What Is Regtech Used For
Three use cases lead the field. Know-your-customer and identity checks are the most widely adopted. Platforms like Onfido, Jumio, and Sumsub verify documents, match faces, and cross-check databases. Biometric matching and liveness checks now sit alongside document scans, which makes spoofing far harder. So onboarding that once needed a human reviewer now clears thousands of customers an hour, a flow that matters for the digital banks we cover in our mobile banking reporting. In high-volume signup, that speed often decides whether a customer stays or leaves. AML transaction monitoring is the second, and where AI bites hardest. Rule-based systems flag everything over a threshold and drown teams in noise. Behavioural models from firms like NICE Actimize, Featurespace, and ComplyAdvantage learn each customer’s normal pattern and flag the odd one out. These models also adapt as new laundering tricks appear, so the rules do not need a manual rewrite each time. Studies put the false-positive drop at 50 to 70 percent, as compliance-automation research details.
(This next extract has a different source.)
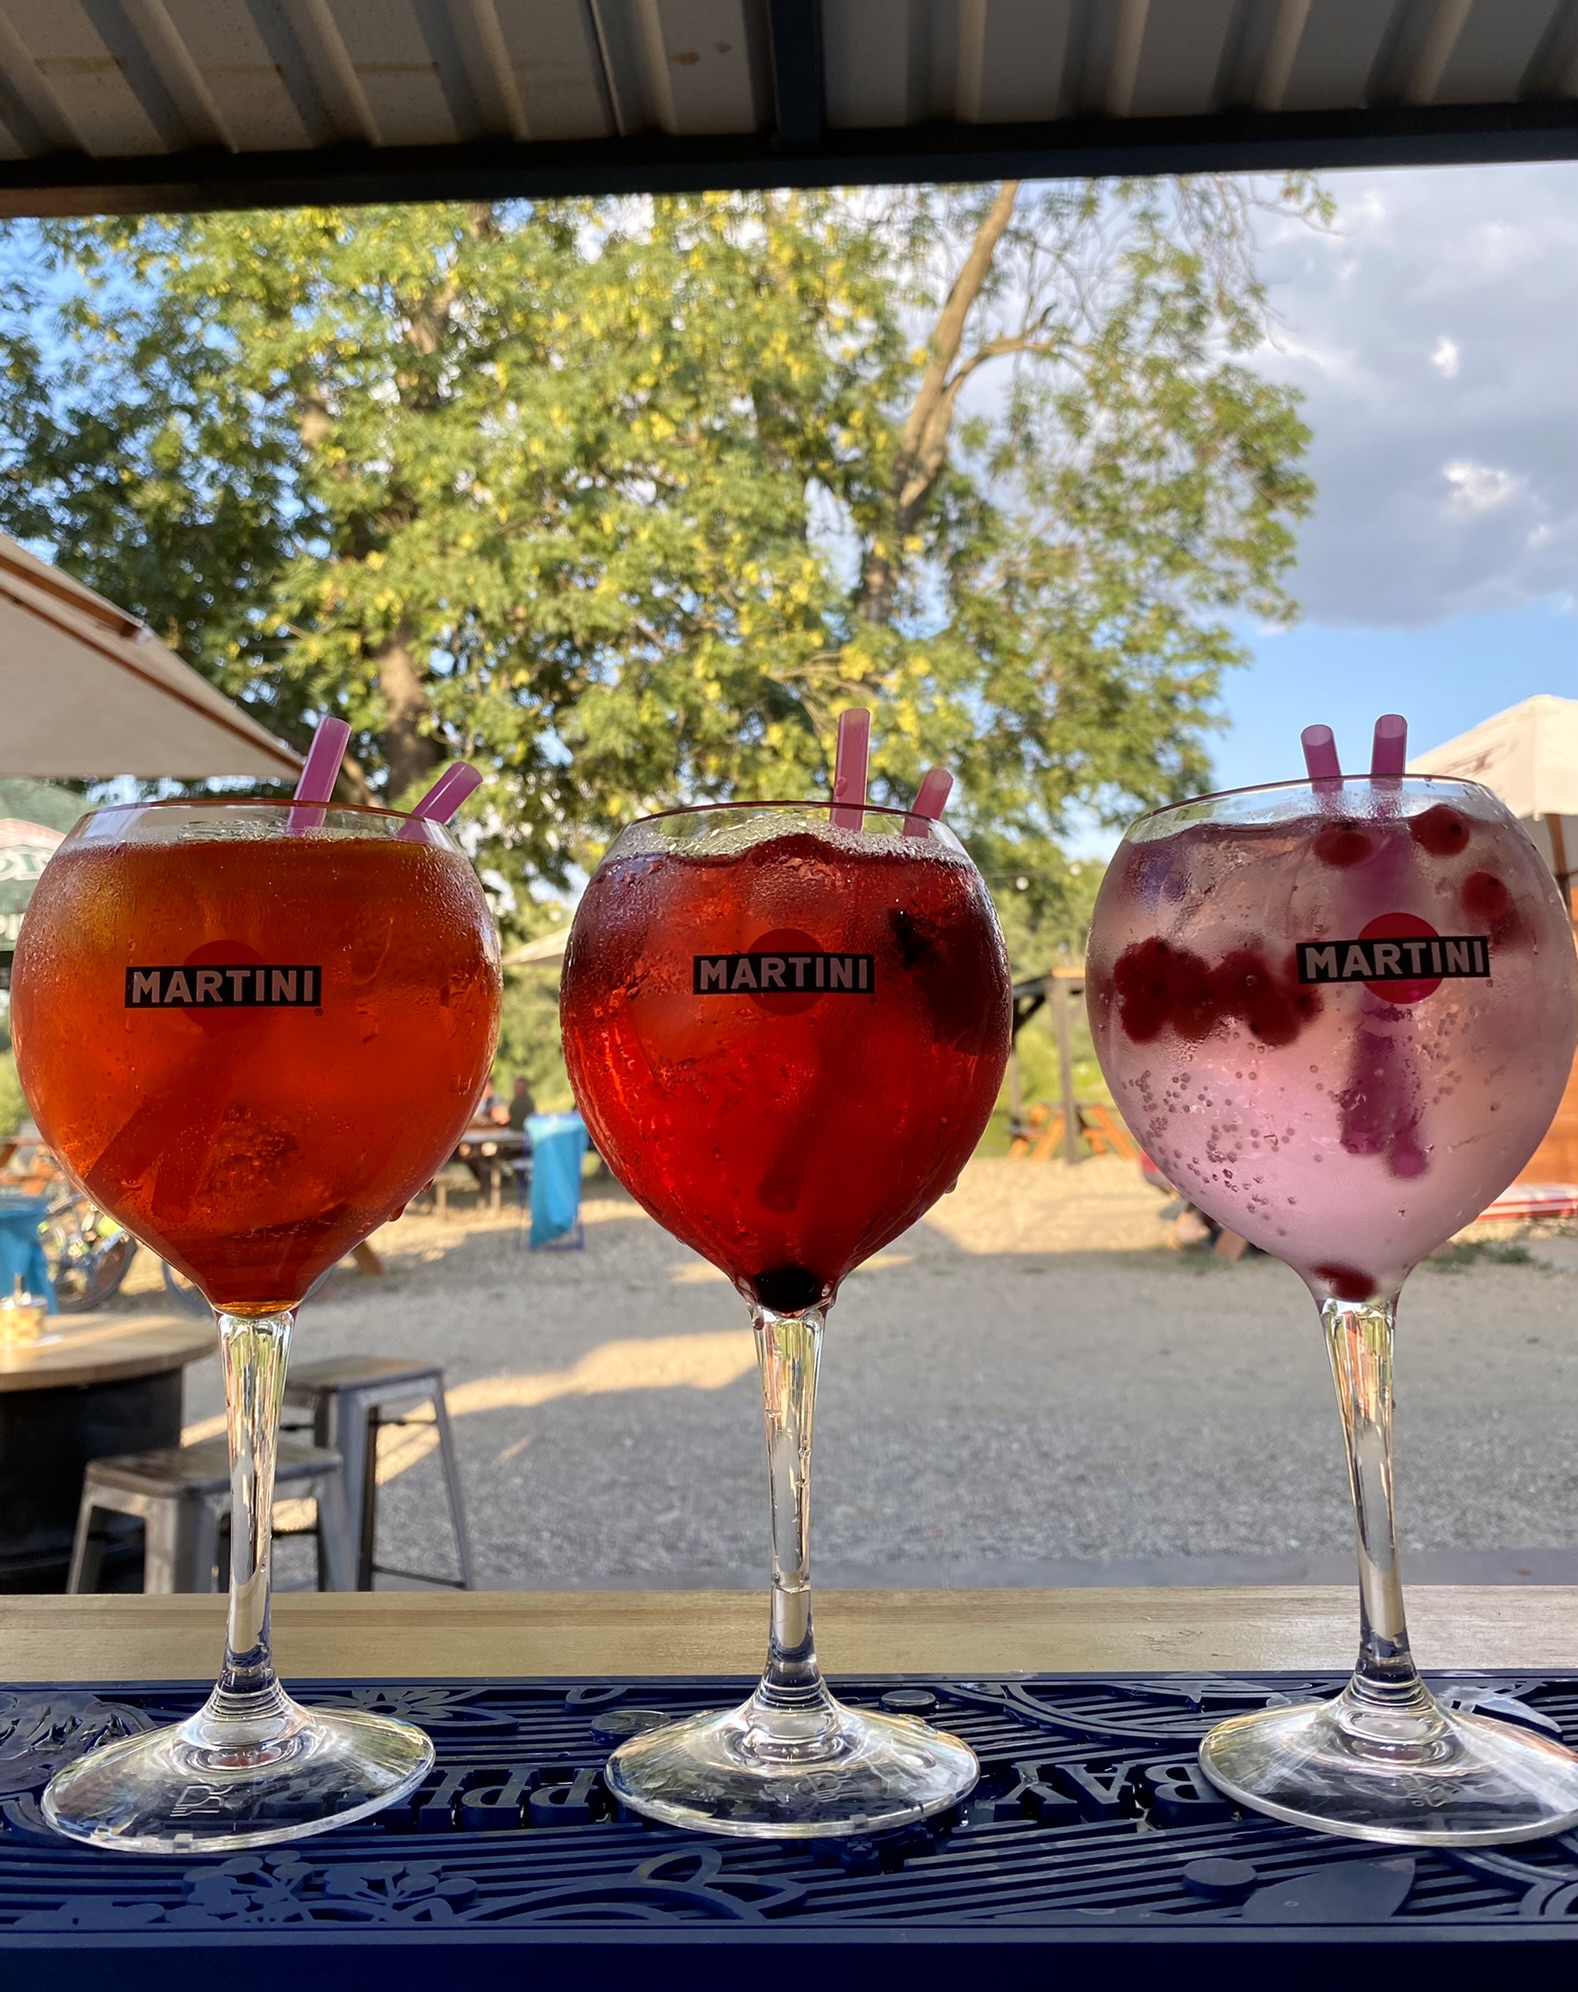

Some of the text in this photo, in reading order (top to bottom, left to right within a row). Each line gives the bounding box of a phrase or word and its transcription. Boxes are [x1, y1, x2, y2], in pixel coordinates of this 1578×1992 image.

[700, 957, 868, 990] MARTINI
[1305, 941, 1484, 979] MARTINI
[132, 970, 314, 1004] MARTINI
Blockchain Analytics, the Fastest-Growing Front
What is regtech doing about crypto? Its quickest-growing branch tracks money on chain. Travel Rule duties now require exchanges and other virtual-asset providers to attach sender and receiver details to transfers, a mandate spreading across 85 jurisdictions. Chainalysis, Elliptic, and TRM Labs supply the analytics. They trace a transfer’s source and destination, then screen it against sanctions lists. They also flag wallets tied to ransomware, fraud, or sanctioned entities before a transfer settles. The same tools underpin the decentralised side of finance we track in our DeFi coverage.
What Is Regtech Doing for Regulators
What is regtech offering the watchdogs themselves? Plenty. Suptech, short for supervisory technology, points the same analytics and machine learning at oversight. The FCA uses it to sift huge volumes of conduct data and surface patterns worth a closer look. The SEC runs similar tools to spot insider trading and market manipulation. So a feedback loop forms. Firms deploy regtech to manage their duties, and regulators deploy suptech to police those duties harder. The net effect is sharp. The cost of getting caught keeps rising, even as the cost of compliance falls for whoever invests in the right tools.
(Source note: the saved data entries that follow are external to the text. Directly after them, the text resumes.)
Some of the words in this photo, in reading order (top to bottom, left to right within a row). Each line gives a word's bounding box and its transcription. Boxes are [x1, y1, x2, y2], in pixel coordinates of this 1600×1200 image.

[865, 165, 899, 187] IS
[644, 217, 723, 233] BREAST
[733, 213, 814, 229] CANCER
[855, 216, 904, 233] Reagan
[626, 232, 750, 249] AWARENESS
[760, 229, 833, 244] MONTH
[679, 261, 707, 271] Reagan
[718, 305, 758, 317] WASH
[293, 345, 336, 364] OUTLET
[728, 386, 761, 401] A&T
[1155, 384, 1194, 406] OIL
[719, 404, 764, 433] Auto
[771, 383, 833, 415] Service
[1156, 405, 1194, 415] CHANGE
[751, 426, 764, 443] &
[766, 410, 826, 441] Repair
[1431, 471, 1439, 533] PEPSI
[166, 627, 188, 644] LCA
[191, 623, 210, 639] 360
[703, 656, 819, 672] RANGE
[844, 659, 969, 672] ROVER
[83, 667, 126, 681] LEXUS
What Is Regtech Becoming Next
What is regtech turning into from here? Compliance baked into the transaction itself, checked in real time rather than reviewed hours later. Embedded checks run inside the payment rail, not in an overnight batch job. So the lag between a risky transfer and the alert that catches it keeps shrinking. AI is shifting from a nice-to-have to a baseline expectation. The EU AI Act’s high-risk rules add pressure here too. Firms must now show how a model reached its decision, not just that it cut alerts. So the winners will not be the flashiest vendors. They will be the teams that pair regtech with clear, auditable workflows and prove the results. For anyone weighing a compliance build, a vendor, or a career, that is the thread worth watching.